You may wonder: Is there a distinction between "building resilience," and what has been called "nation-building?" Nancy Lindborg, president of the U.S. Institute of Peace, told me that nation-building suggests constructing liberal democracies on foreign soil — an overly ambitious project. Building resilience implies that we provide robust support to local partners willing and able to improve governance and mitigate the underlying cause of extremism.
Which raises the question: What are the underlying causes of extremism?
I think the task force is right to say that extremism thrives where governments are weak, and is fueled by oppression and poverty. But it's worth noting that much of Africa south of the Sahara is deeply impoverished, and under the boot heels of thuggish regimes. Yet that region produces few extremists or terrorists. Meanwhile, in Britain, France, Germany and other stable, free and prosperous states, Muslim communities continue to produce extremists.
I understand that sub-Saharan Africa and Europe are beyond the scope of this report.

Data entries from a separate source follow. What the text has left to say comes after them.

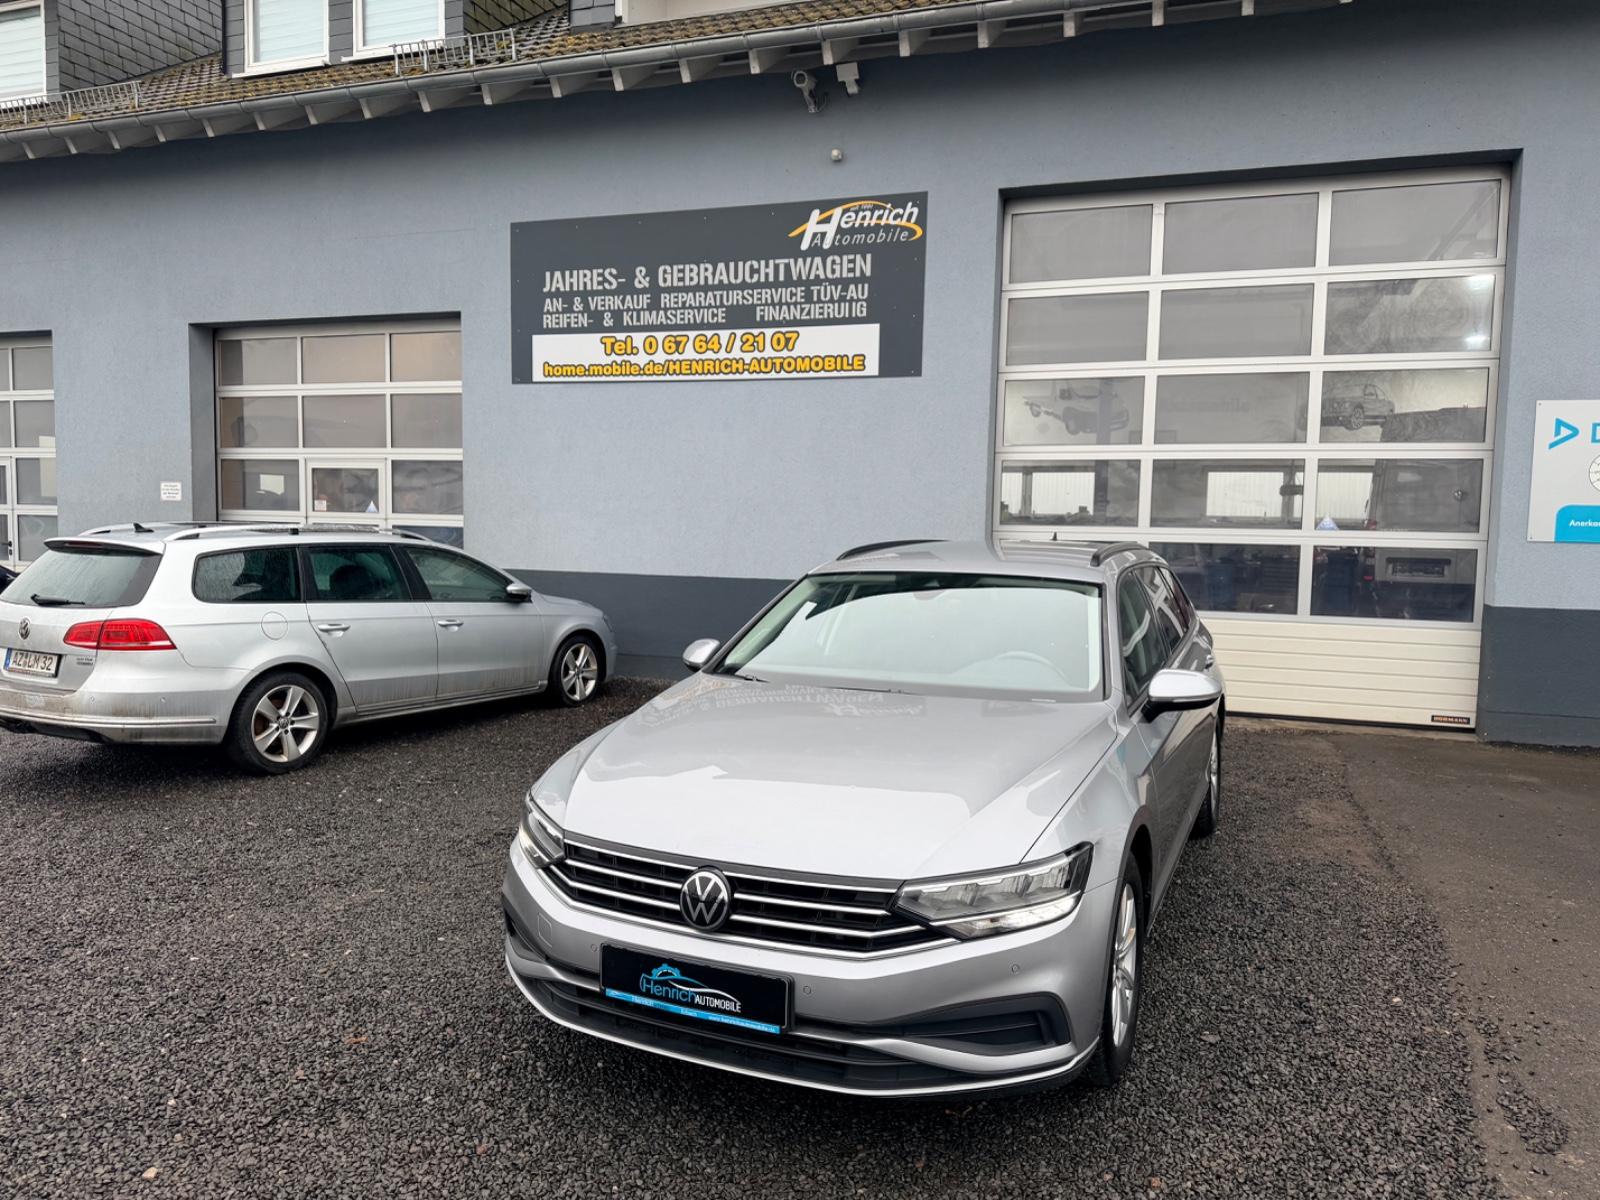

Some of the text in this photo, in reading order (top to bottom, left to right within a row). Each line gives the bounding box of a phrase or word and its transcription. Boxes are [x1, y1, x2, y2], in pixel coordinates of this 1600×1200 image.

[800, 201, 919, 251] Henrich
[542, 253, 872, 292] JAHRES- & GEBRAUCHTWAGEN
[543, 282, 869, 313] AN- & VERKAUF REPARATURSERVICE TÜV-AU
[542, 308, 727, 329] REIFEN- & KLIMASERVICE
[600, 330, 800, 356] Tel. 0 67 64 / 21 07
[543, 354, 866, 378] home.mobile.de/HENRICH-AUTOMOBILE
[40, 655, 54, 671] 32
[642, 977, 697, 1003] Henrich
[694, 994, 742, 1013] AUTOMOBILE
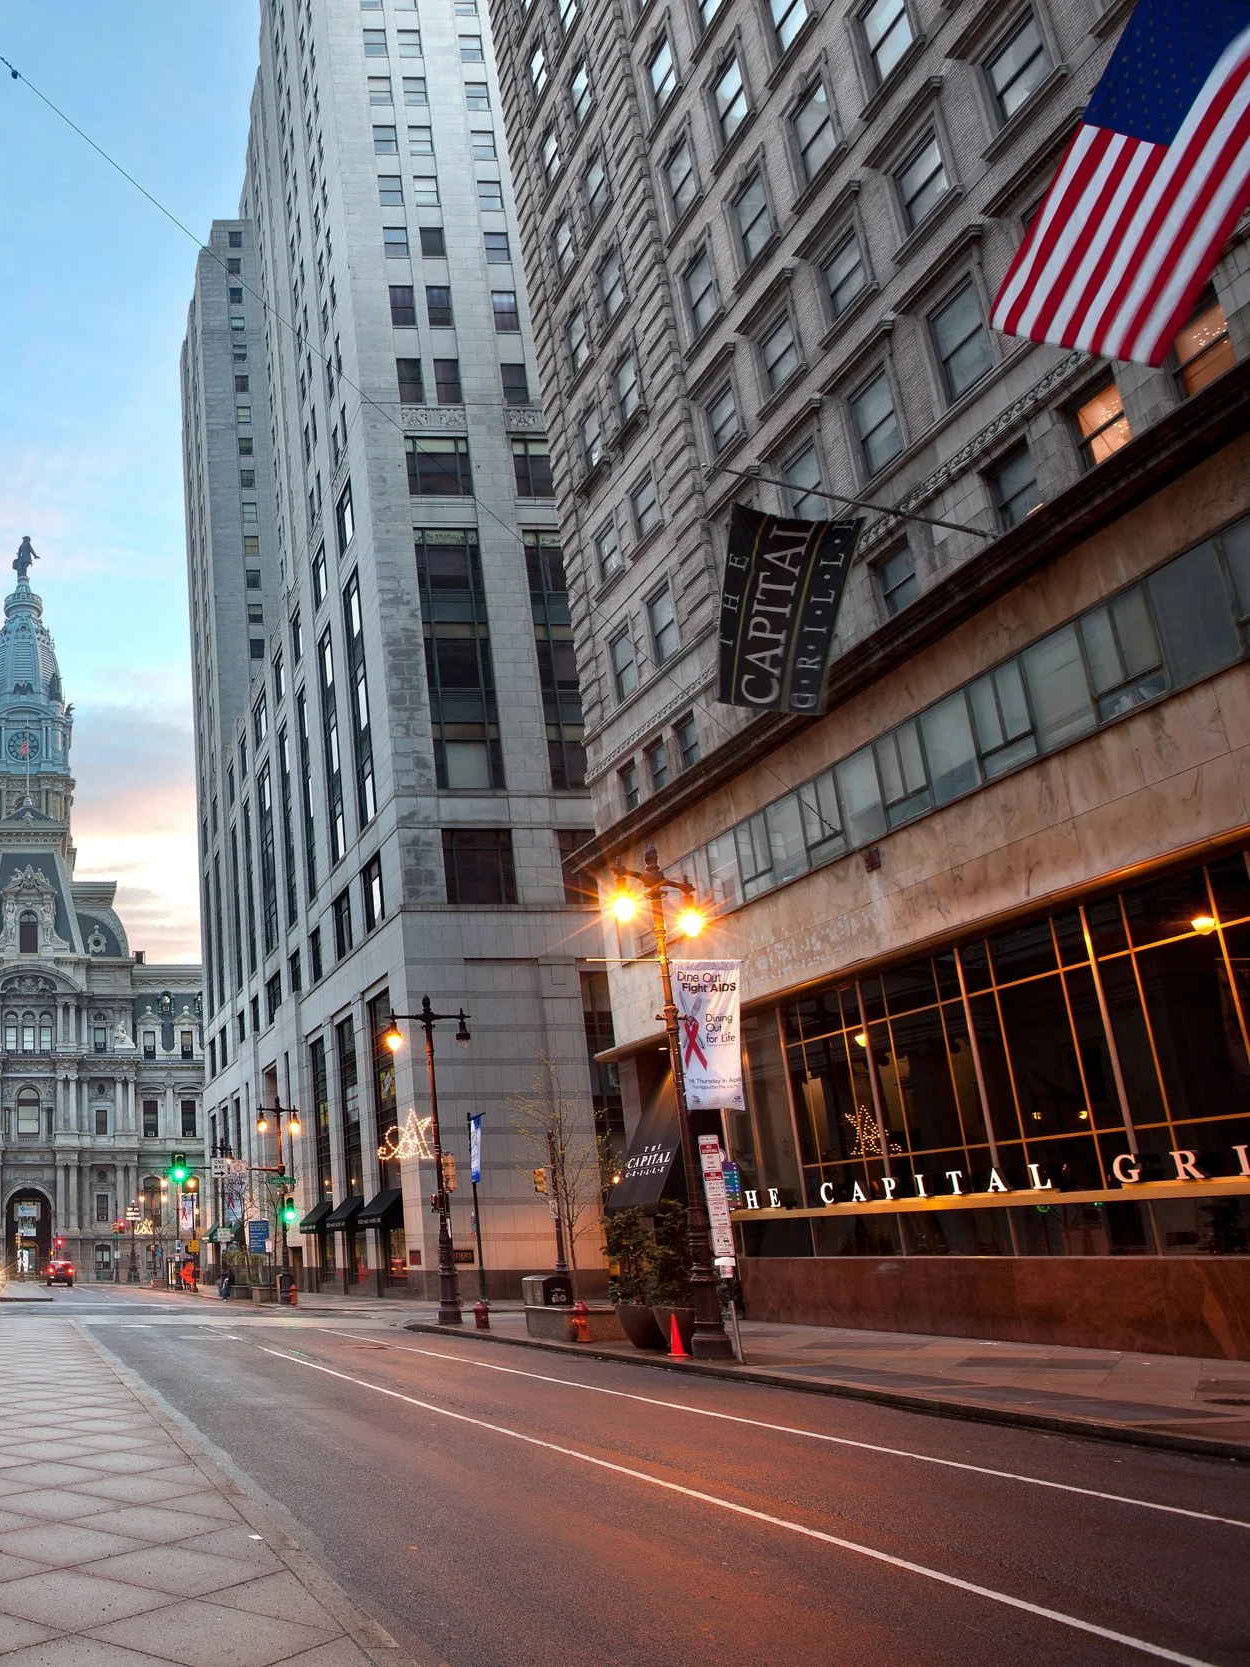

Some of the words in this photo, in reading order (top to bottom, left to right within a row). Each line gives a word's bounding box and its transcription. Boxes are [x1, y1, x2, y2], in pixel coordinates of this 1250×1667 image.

[677, 971, 700, 983] Dine
[702, 972, 722, 983] Out
[682, 983, 708, 995] Fight
[709, 983, 737, 993] AIDS
[705, 1013, 734, 1024] Dining
[705, 1023, 723, 1033] Out
[706, 1033, 719, 1044] for
[721, 1032, 736, 1043] Life
[627, 1151, 671, 1169] CAPITAL
[744, 1188, 781, 1210] HE
[819, 1163, 1053, 1204] CAPITAL

Still, their experiences with extremism are not irrelevant to the validity of a theory about extremism.
That brings us to the thorniest question: What role is played by Islam? The report avoids giving a name to what it calls "the most common form" of extremism, "the one posing the most immediate threat to the United States today." It does, however, acknowledge that this most common form of extremism "espouses the creation of a radical Islamist state based on rigid, twisted, and false interpretations of sharia law."

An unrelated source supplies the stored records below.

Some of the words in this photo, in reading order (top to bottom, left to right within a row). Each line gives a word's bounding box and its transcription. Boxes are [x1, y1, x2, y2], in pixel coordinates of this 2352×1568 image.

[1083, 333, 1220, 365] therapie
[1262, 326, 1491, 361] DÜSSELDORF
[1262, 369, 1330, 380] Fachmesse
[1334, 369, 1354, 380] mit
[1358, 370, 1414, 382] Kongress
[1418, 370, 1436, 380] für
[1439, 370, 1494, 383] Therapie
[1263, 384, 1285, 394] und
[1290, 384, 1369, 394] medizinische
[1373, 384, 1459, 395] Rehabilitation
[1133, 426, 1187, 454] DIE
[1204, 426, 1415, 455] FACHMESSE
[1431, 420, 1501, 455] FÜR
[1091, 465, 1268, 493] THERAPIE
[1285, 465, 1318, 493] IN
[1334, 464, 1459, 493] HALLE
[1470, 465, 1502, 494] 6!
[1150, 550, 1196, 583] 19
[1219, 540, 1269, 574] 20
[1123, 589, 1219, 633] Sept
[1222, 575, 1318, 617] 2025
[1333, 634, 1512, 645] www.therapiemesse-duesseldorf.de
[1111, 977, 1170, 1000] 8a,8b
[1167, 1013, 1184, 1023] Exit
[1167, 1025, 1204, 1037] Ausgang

A quick and, I hope, telling anecdote: In Pakistan nine years ago, I met with a group of religious leaders, all Muslims but from different sects. I was impolite enough to ask about Osama bin Laden (who was then secretly living in Pakistan). All said they regarded him as an evil man.

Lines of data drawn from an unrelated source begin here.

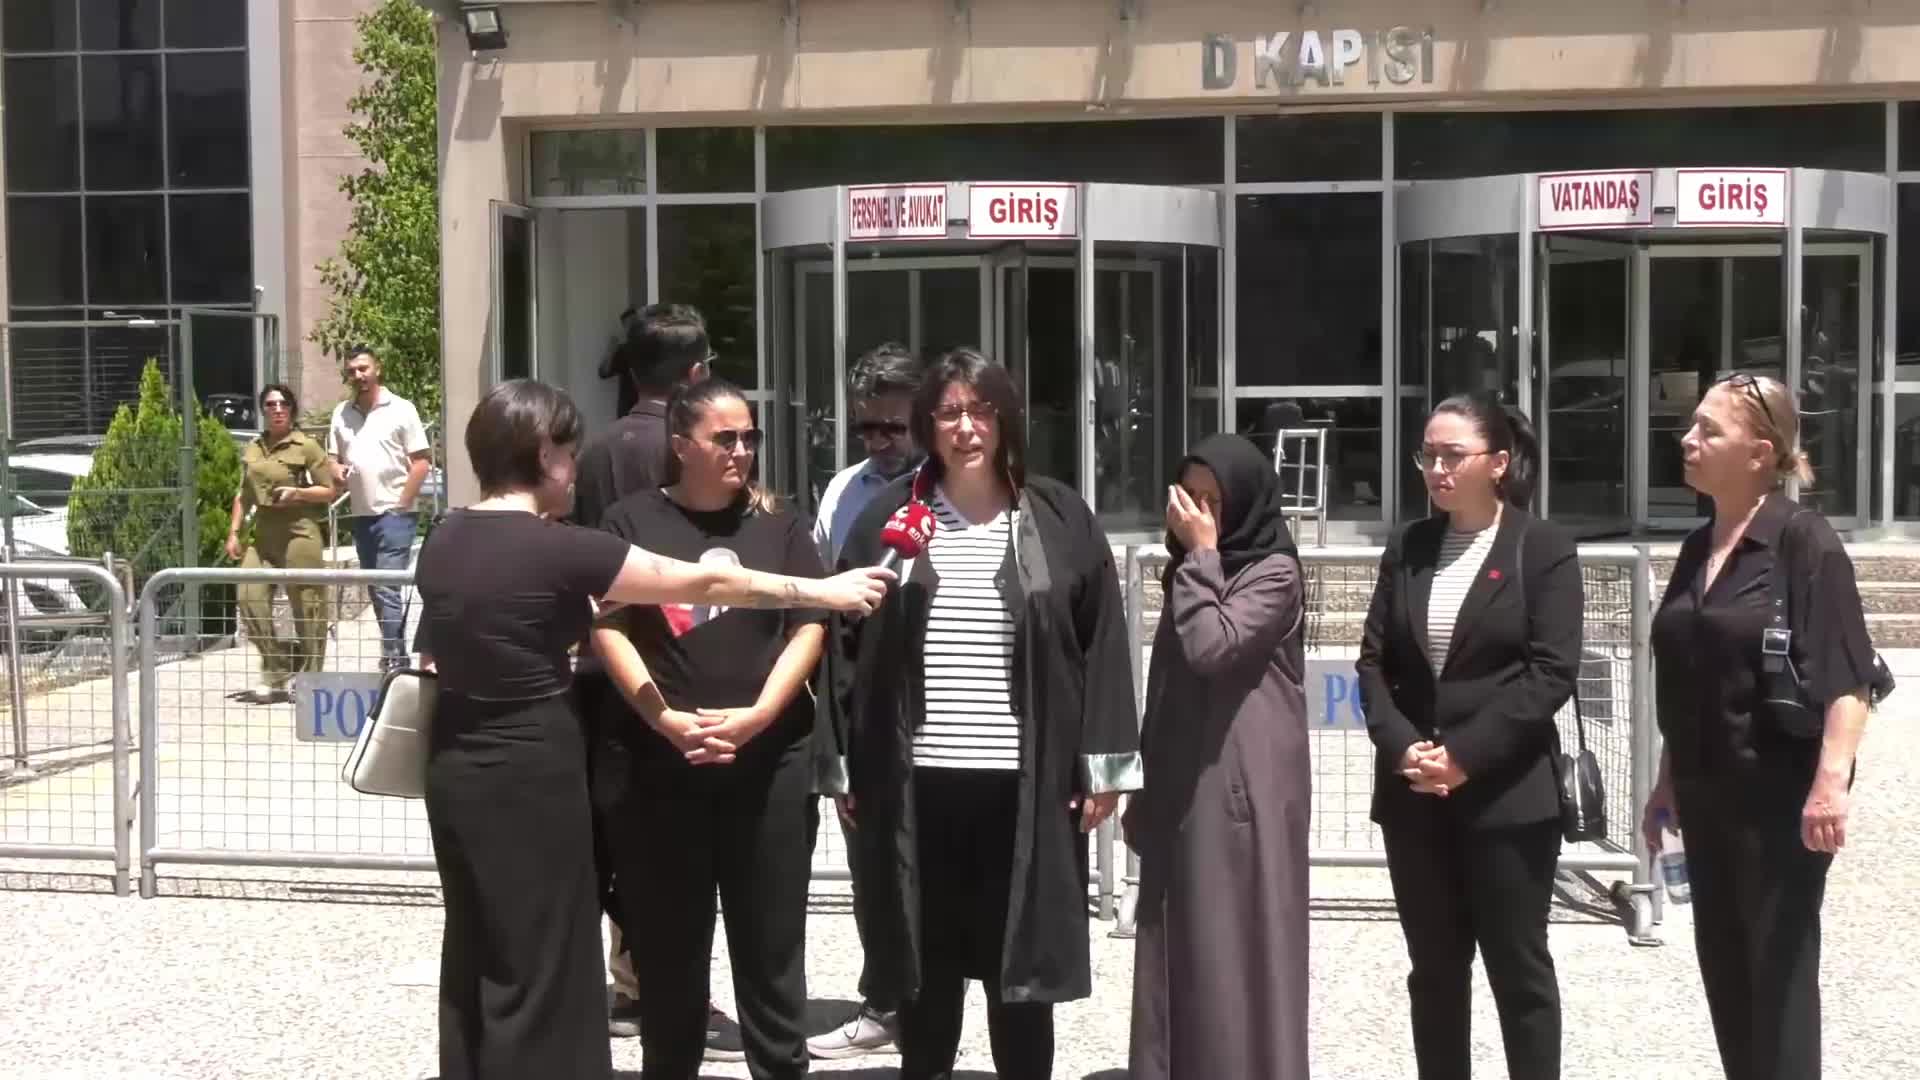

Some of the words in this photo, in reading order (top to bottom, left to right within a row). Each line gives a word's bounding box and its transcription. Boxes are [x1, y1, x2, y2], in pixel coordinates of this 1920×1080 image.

[1202, 32, 1237, 89] D
[1255, 26, 1434, 88] KAPISI
[852, 197, 893, 230] PERSONEL
[895, 196, 906, 228] VE
[908, 194, 943, 228] AVUKAT
[989, 192, 1058, 230] GİRİŞ
[1551, 179, 1640, 216] VATANDAŞ
[1698, 177, 1768, 217] GİRİŞ

I asked if they considered him an apostate — one who has turned his back on his religion. No, they responded, that would not be accurate. I asked if he was a heretic — one whose beliefs violate the fundamental tenets of Islam. That too, they told me, would not be correct.
Bernard Lewis, the eminent scholar of Islam, addressed this issue succinctly and straightforwardly. "We are at war with a movement in the Islamic world," he said.
It is a movement that emphasizes jihad — a word never used in this report. Nor is there any mention of jihadism, defined by Father Richard John Neuhaus as an ideology premised on the teaching "that it is the moral obligation of all Muslims to employ whatever means necessary in order to compel the world's submission to Islam."
Jihadists wage war not just against non-believers but also against devout Muslims who dare disobey them. Jihadists are odious and threatening but, if we're serious, we can't say their reading of Islam has no roots in Islamic scripture and medieval Islamic civilizations.
Read a history of the caliphs: More than a few spent their lives leading jihads — the kinetic variety, not "inner personal struggles" — and interpreted sharia in ways that we moderns — Muslim and non-Muslim alike — find cruel and destructive.
That's obviously not the view of salafi/jihadis — Sunnis who want to re-create Islam as it was in the centuries when its armies were conquering the world. Nor is it the view of Shia followers of the Ayatollah Ruhollah Khomeini, leader of Iran's 1979 Islamic Revolution. They are eager to smite infidels with their swords — or whatever weapons they can acquire.
Yes, many of those joining jihadi groups are fleeing terrible circumstances in fragile if not failing states. But others want to participate in what they see as a glorious project — the construction of a new Islamic empire. And some may simply be eager to trade humdrum lives — schools, jobs, mortgages, families — for a license to pillage, slaughter and enslave.
One final question: Has the United States not, for decades, been attempting to help fragile states build resilience against extremism? The most obvious example is Afghanistan, hardly a success story to date. There's also Lebanon, where the dominant force is now Hezbollah, terrorist proxy of the Islamic Republic of Iran.
Perhaps there's more we can do. If so, I'm all for doing it. The U.S. Institute of Peace's final report, a "comprehensive strategy for reducing extremism in fragile states," is scheduled for release next year. Between now and then, the distinguished members of the Task Force have their work cut out for them.